What is expected = Pictures do not belong in the copy; restate the records below word for word.

Data extracts =
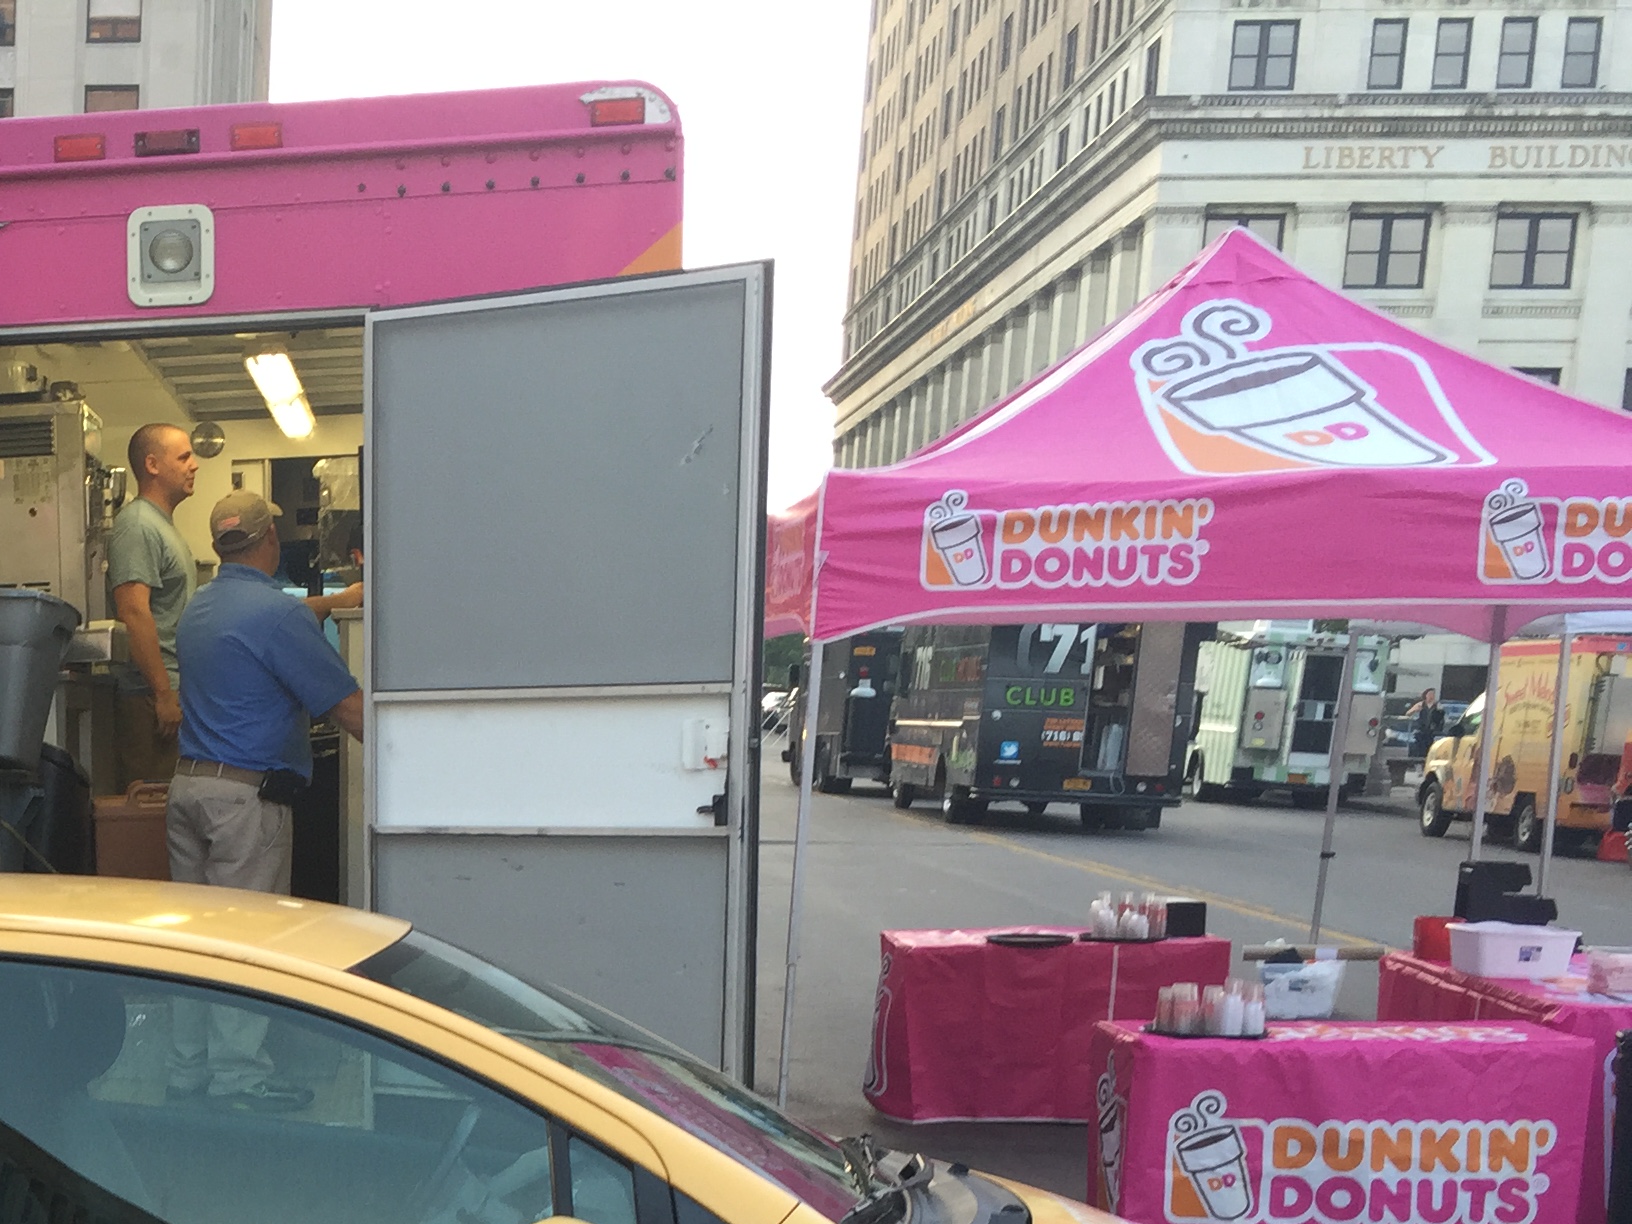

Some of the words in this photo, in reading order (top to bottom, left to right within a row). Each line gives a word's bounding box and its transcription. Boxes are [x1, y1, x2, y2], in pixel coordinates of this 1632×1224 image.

[1302, 145, 1445, 170] LIBERTY
[1487, 144, 1632, 169] BUILDIN
[1001, 502, 1209, 545] DUNKIN'
[999, 543, 1195, 585] DONUTS
[1006, 686, 1075, 707] CLUB
[1271, 1125, 1551, 1174] DUNKIN'
[1268, 1175, 1531, 1224] DONUTS

Answer to this problem =
Some of the words in this photo, in reading order (top to bottom, left to right within a row). Each line gives a word's bounding box and its transcription. Boxes are [x1, y1, x2, y2], in pixel coordinates of this 1632×1224 image.

[1302, 145, 1445, 170] LIBERTY
[1487, 144, 1632, 169] BUILDIN
[1001, 502, 1209, 545] DUNKIN'
[999, 543, 1195, 585] DONUTS
[1006, 686, 1075, 707] CLUB
[1271, 1125, 1551, 1174] DUNKIN'
[1268, 1175, 1531, 1224] DONUTS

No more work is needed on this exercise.